Setelah promosi buletin
Merchandise Trump dijual di rally di Kinston, North Carolina. Foto: Ed Pilkington / The Guardian
Di sisi lain, Trump juga telah menempatkan dasar-dasar konspirasi baru, jika dia membutuhkannya, untuk meruntuhkan hasil pemilihan dengan menuduh penipuan yang meluas. Dia mempromosikan tuduhan palsu di rally Kinston bahwa Demokrat memungkinkan warga non-kewarganegara untuk memberikan suara dalam jumlah besar, menuduh pemerintahan Biden mengejar kebijakan perbatasan terbuka di perbatasan selatan dengan Meksiko “mungkin [karena mereka] ingin menempatkan mereka dalam daftar pemilih. Itu mungkin alasannya.”
Para pendukung di rally dengan setia mengulang kebohongan pada hari Minggu.
“Itulah mengapa mereka membuka perbatasan, untuk memungkinkan semua orang ilegal masuk sehingga mereka bisa memberikan suara untuk Demokrat,” kata seorang wanita di antrean yang menolak memberikan namanya. “Selalu ada korupsi di negara ini, tetapi saya tidak tahu itu seburuk ini. Amerika telah dijalankan ke tanah – siapa pun dengan separuh otak bisa melihat itu.”
Hampir sebanyak keyakinan pendukung pada niat jahat Demokrat adalah frustrasi mereka pada apa yang bisa mereka lakukan tentang itu. Terakhir kali, emosi beracun seperti itu berakhir dengan puncak pada insiden 6 Januari di Capitol AS.
Para pengunjung rally Kinston, mengikuti jejak Trump, semuanya menolak 6 Januari sebagai “set up” di mana warga Amerika yang damai dan patriotik ditarik ke dalam perangkap jahat deep-state. Westbrook, sang nenek “terkunci dan siap”, mengakui telah hadir di Capitol pada hari itu.

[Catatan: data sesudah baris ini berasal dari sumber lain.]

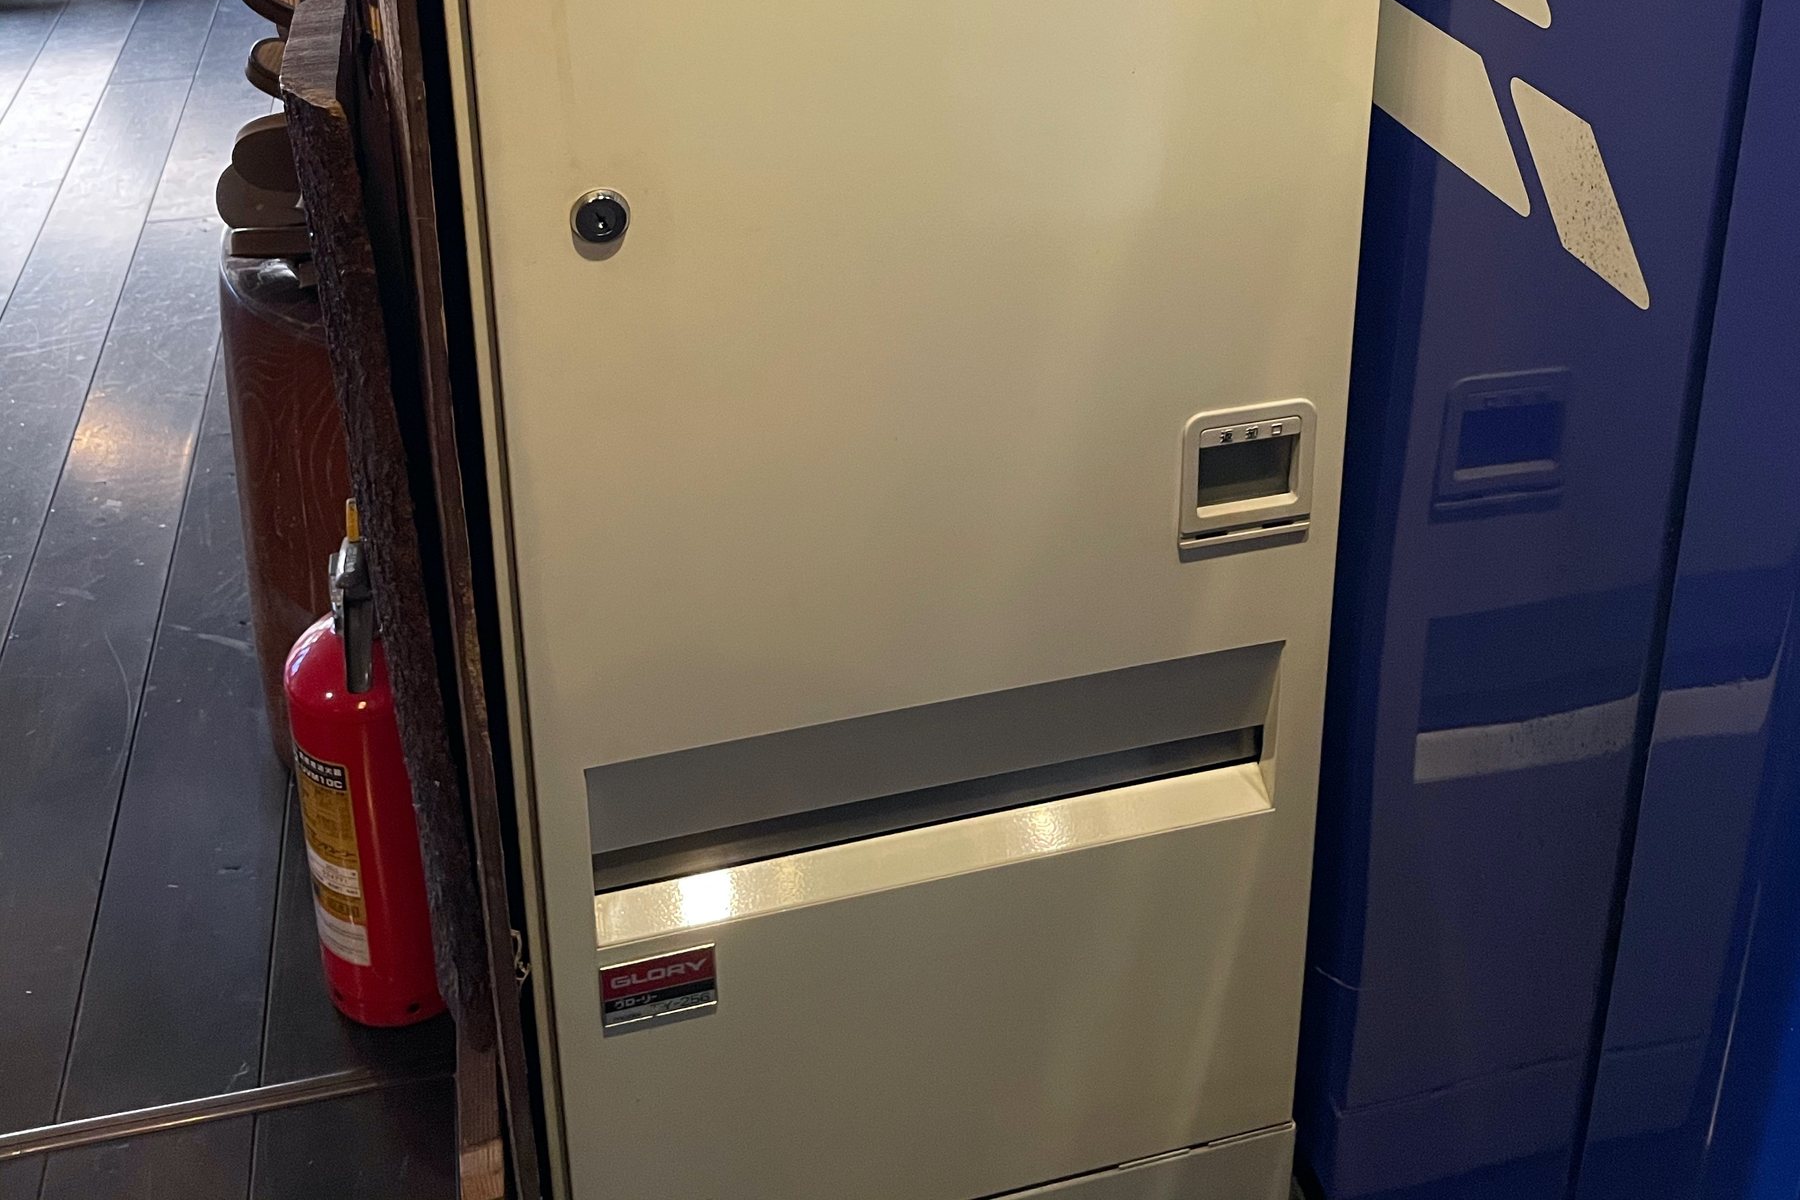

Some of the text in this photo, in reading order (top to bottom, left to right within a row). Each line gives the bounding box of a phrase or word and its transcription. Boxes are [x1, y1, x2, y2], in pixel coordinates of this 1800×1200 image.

Ratusan pendukung Trump, yang dibuat tidak karuan oleh retorika “berhenti mencuri” mantan presiden, menyerbu jantung demokrasi Amerika pada hari itu. Dalam bentrokan kekerasan yang terjadi, sekitar 140 petugas polisi diserang.
Itu bukan cara Westbrook melihatnya. “Tidak sesuai dengan apa yang mereka katakan terjadi. Satu-satunya orang yang membuat masalah adalah antifa, mereka disusupkan kepada kita untuk menciptakan masalah.”
Ini adalah beban yang cukup berat bagi setiap pemilih Amerika. Pemilihan presiden 2020 dirampas dari kandidat pilihannya, dia dengan tegas percaya, dan sekarang dia khawatir Selasa bisa melihat pertunjukan ulang.
“Empat tahun lalu, saya merasa marah, sangat marah. Kali ini saya akan lebih marah.”
Jika ketakutan terburuknya terjadi, dan Trump kalah, kemana semua emosi kuat itu akan berakhir?
“Jika dia kalah, saya takut,” kata sang nenek.”